From this period, therefore, Mr. Webster's attendance on the Supreme Court at Washington has been constantly secured by retainers, in the most important causes; and the circle of his professional business, which has been regularly enlarging, has not been exceeded, if it has been equalled, by that of any other lawyer who has ever appeared in the national forum. The volume before us contains few traces of all this. It contains, however, two arguments upon constitutional questions of great interest and wide results. One is the case of Gibbons vs. Ogden, in 1824, involving the question, how far a state has authority to grant the exclusive right of navigating the tide-waters within its territorial limits; refusing that right to all persons belonging to other states, as well as to its own citizens. This question struck, of course, at the great steam-boat monopoly granted by the state of New York, from motives of public munificence, to Mr. Fulton, the admirable first mover of that national benefit, and Chancellor Livingston, its early and adventurous patron. The case was argued by Mr. Webster and Mr. Wirt against the monopoly, and by Mr. Oakley and Mr. Emmet for it; so that probably as much ability was brought into the discussion on each side, as has been called for by any single cause in our judicial annals. The result was, that the monopoly was declared to be unconstitutional ; and thus another great national blessing was obtained, hardly less important than the original invention,that of throwing open the right to steam-navigation to the competition of the whole Union.

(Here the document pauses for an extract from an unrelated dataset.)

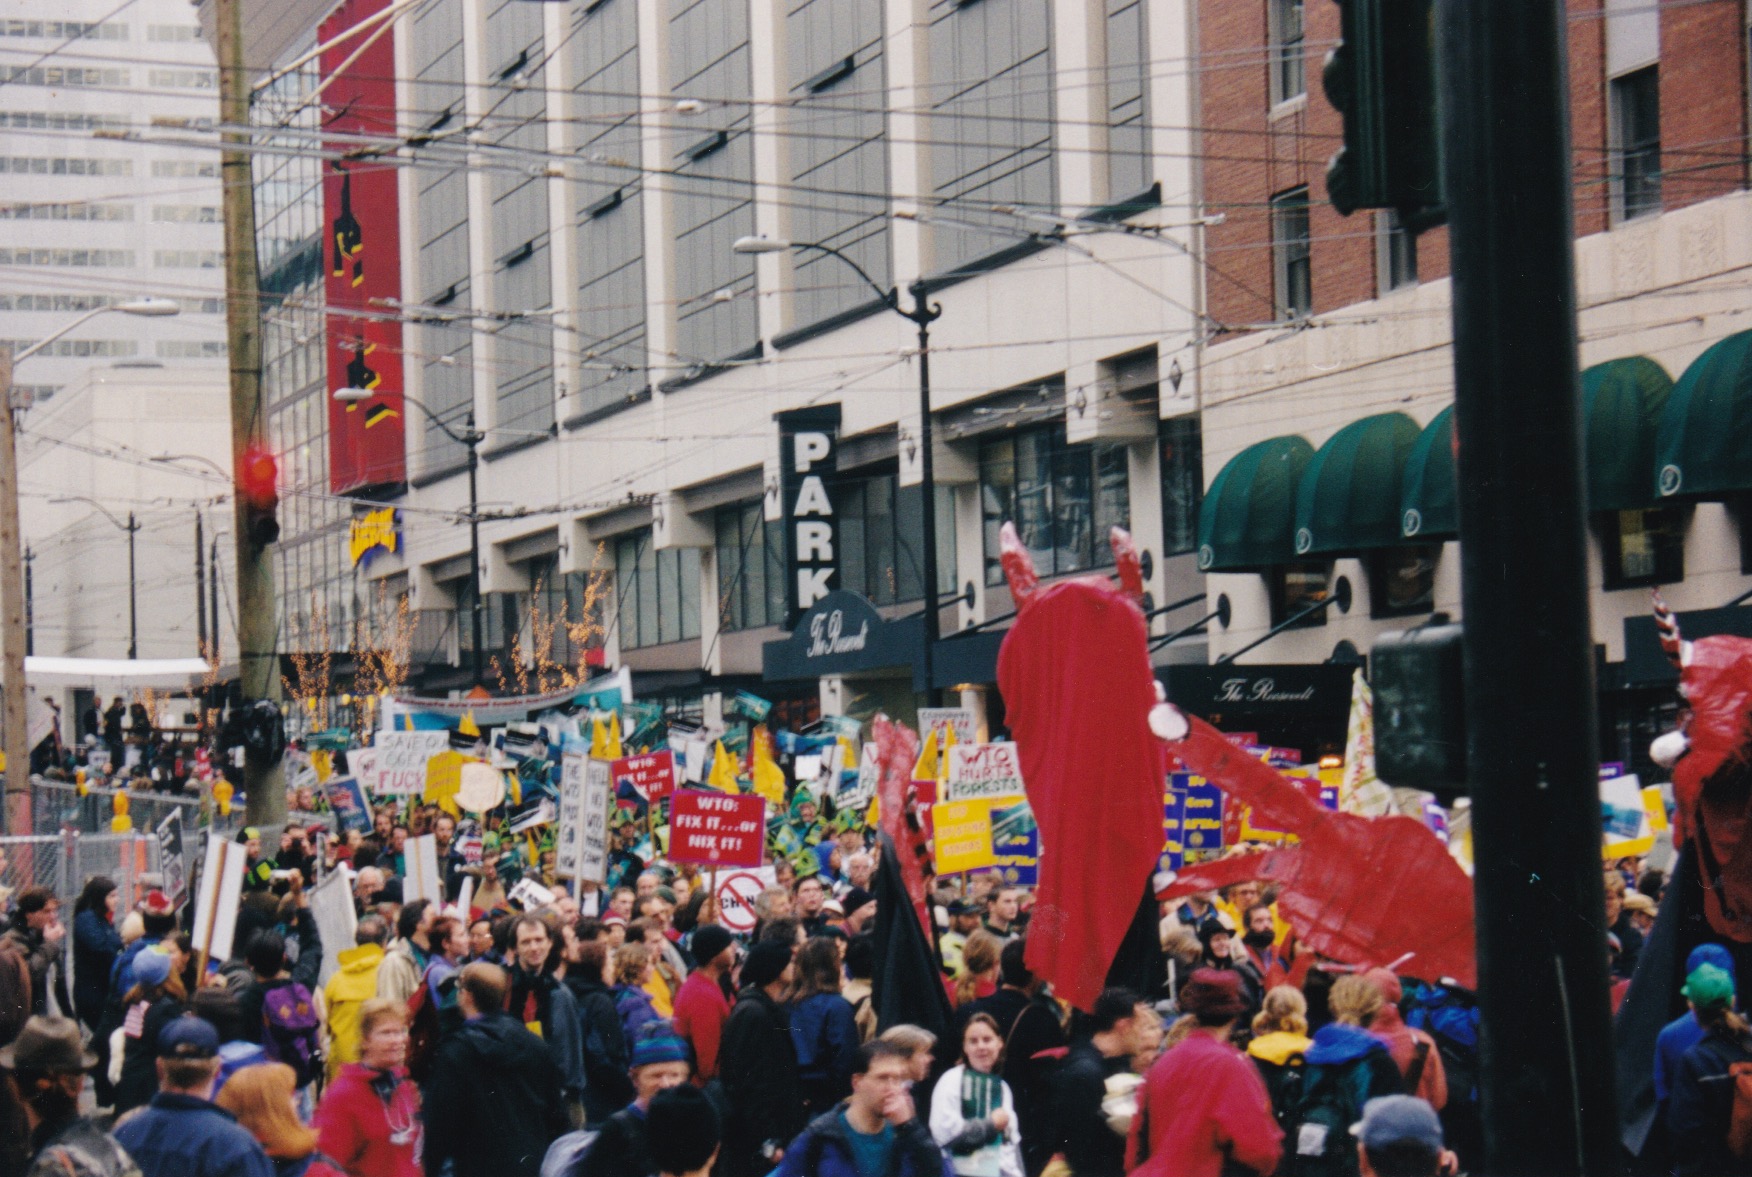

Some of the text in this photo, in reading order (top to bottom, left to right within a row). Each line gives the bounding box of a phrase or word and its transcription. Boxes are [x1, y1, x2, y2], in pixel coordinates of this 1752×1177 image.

There were circumstances which gave uncommon interest to this cause, independently of its great constitutional importance, and the wide consequences involved in it. It had been litigated, during a series of years, in every form, in the state courts of New-York, where the monopoly had triumphed over all opposition. And it reed hardly be said, that the state courts of NewYork have maintained as proud a reputation for learning, research, and talent, as any in the Union. What lawyer has not sat gladly at the feet of Chancellor Kent, and Chief Justice Spencer? And what state, in relation to her jurisprudence, can so boldly say

“Quæ regio in terris nostri non plena laboris ?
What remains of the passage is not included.